Detecting if two images are visually identical
Solution 1
findimagedupes is pretty good. You can run "findimagedupes -v fingerprint images" to let it print "perceptive hash", for example.
Solution 2
Cross-correlation or phase correlation will tell you if the images are the same, even with noise, degradation, and horizontal or vertical offsets. Using the FFT-based methods will make it much faster than the algorithm described in the question.
The usual algorithm doesn't work for images that are not the same scale or rotation, though. You could pre-rotate or pre-scale them, but that's really processor intensive. Apparently you can also do the correlation in a log-polar space and it will be invariant to rotation, translation, and scale, but I don't know the details well enough to explain that.
MATLAB example: Registering an Image Using Normalized Cross-Correlation
Wikipedia calls this "phase correlation" and also describes making it scale- and rotation-invariant:
The method can be extended to determine rotation and scaling differences between two images by first converting the images to log-polar coordinates. Due to properties of the Fourier transform, the rotation and scaling parameters can be determined in a manner invariant to translation.
Solution 3
Colour histogram is good for the same image that has been resized, resampled etc.

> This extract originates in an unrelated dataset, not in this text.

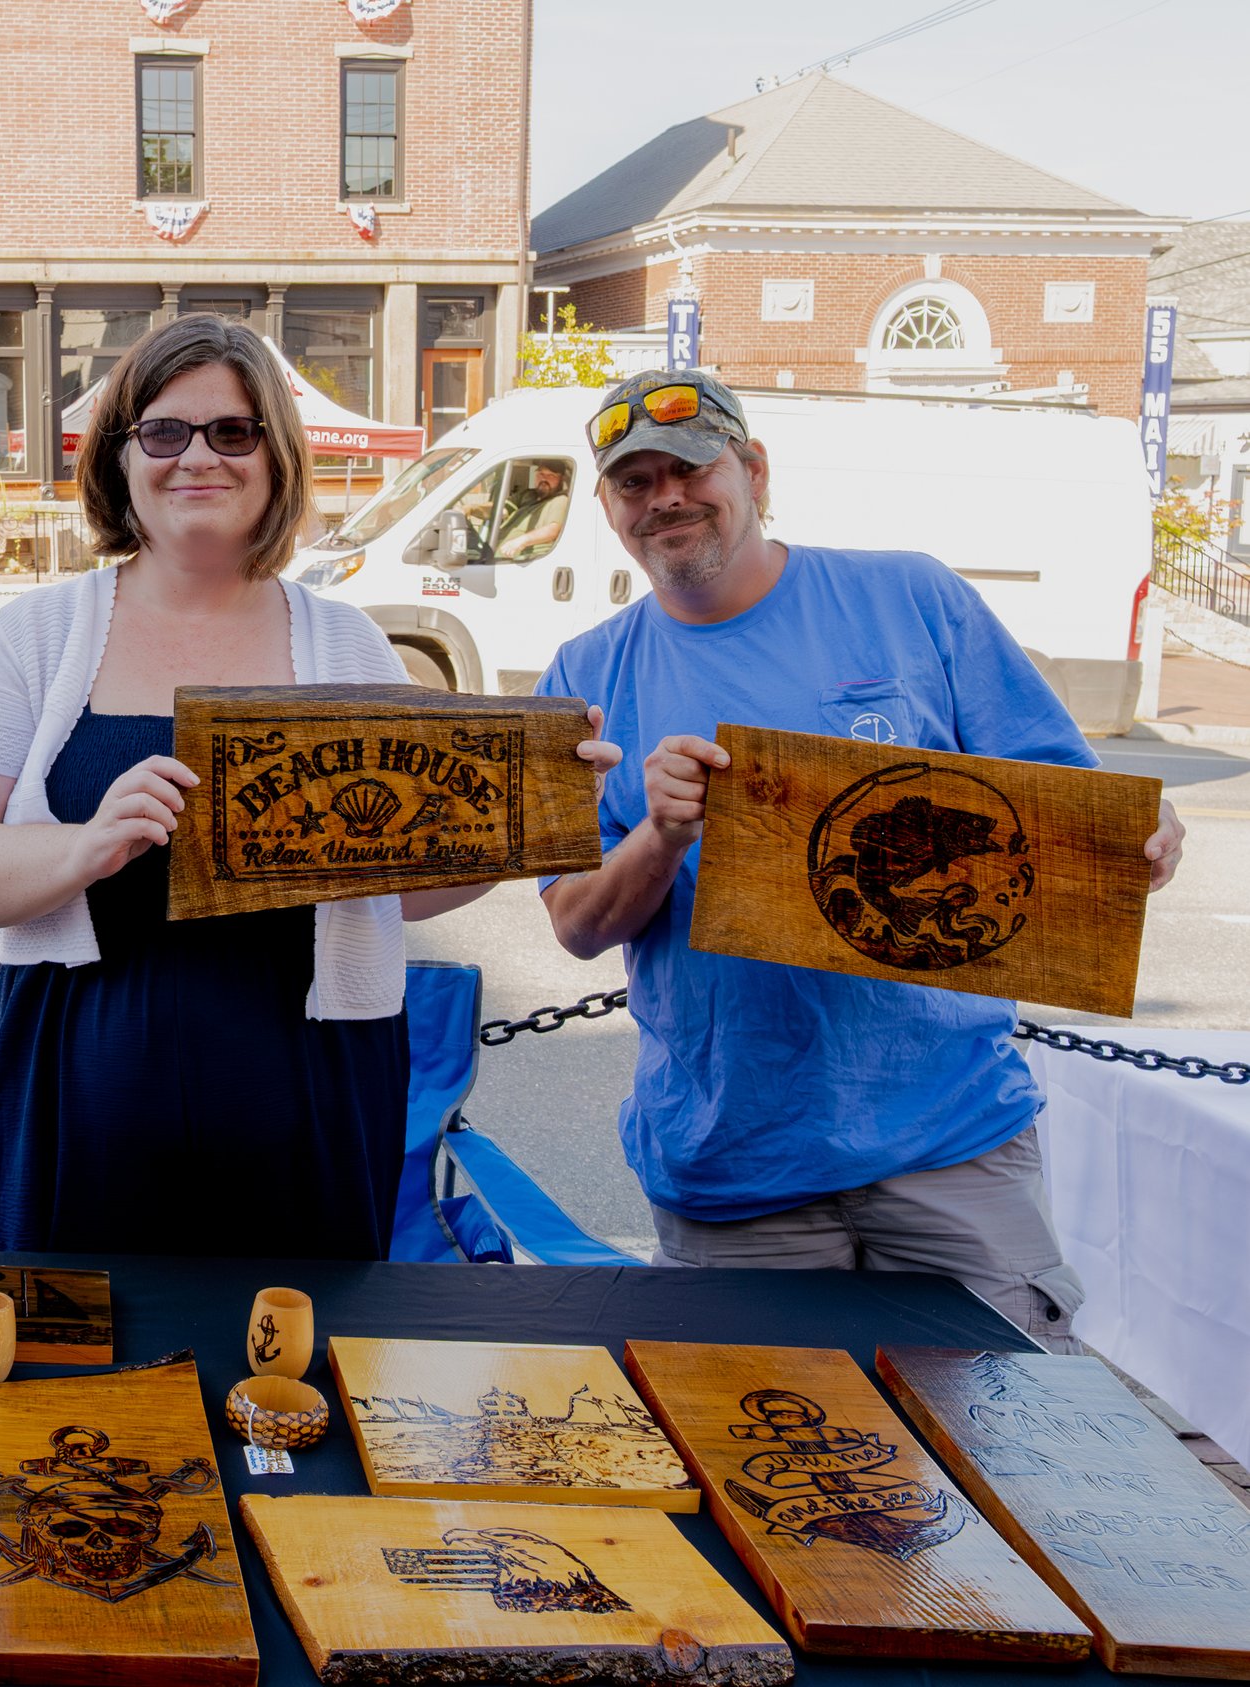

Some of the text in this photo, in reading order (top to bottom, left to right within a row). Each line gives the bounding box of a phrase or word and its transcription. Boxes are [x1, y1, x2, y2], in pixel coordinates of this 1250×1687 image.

If you want to match different people's photos of the same landmark it's trickier - look at haar classifiers. Opencv is a great free library for image processing.
Solution 4
I don't know the algorithm behind it, but Microsoft Live Image Search just added this capability. Picasa also has the ability to identify faces in images, and groups faces that look similar. Most of the time, it's the same person.
Some machine learning technology like a support vector machine, neural network, naive Bayes classifier or Bayesian network would be best at this type of problem. I've written one each of the first three to classify handwritten digits, which is essentially image pattern recognition.
Bemmu
Updated on June 15, 2022Comments
-
Bemmu about 2 years
Sometimes two image files may be different on a file level, but a human would consider them perceptively identical. Given that, now suppose you have a huge database of images, and you wish to know if a human would think some image X is present in the database or not. If all images had a perceptive hash / fingerprint, then one could hash image X and it would be a simple matter to see if it is in the database or not.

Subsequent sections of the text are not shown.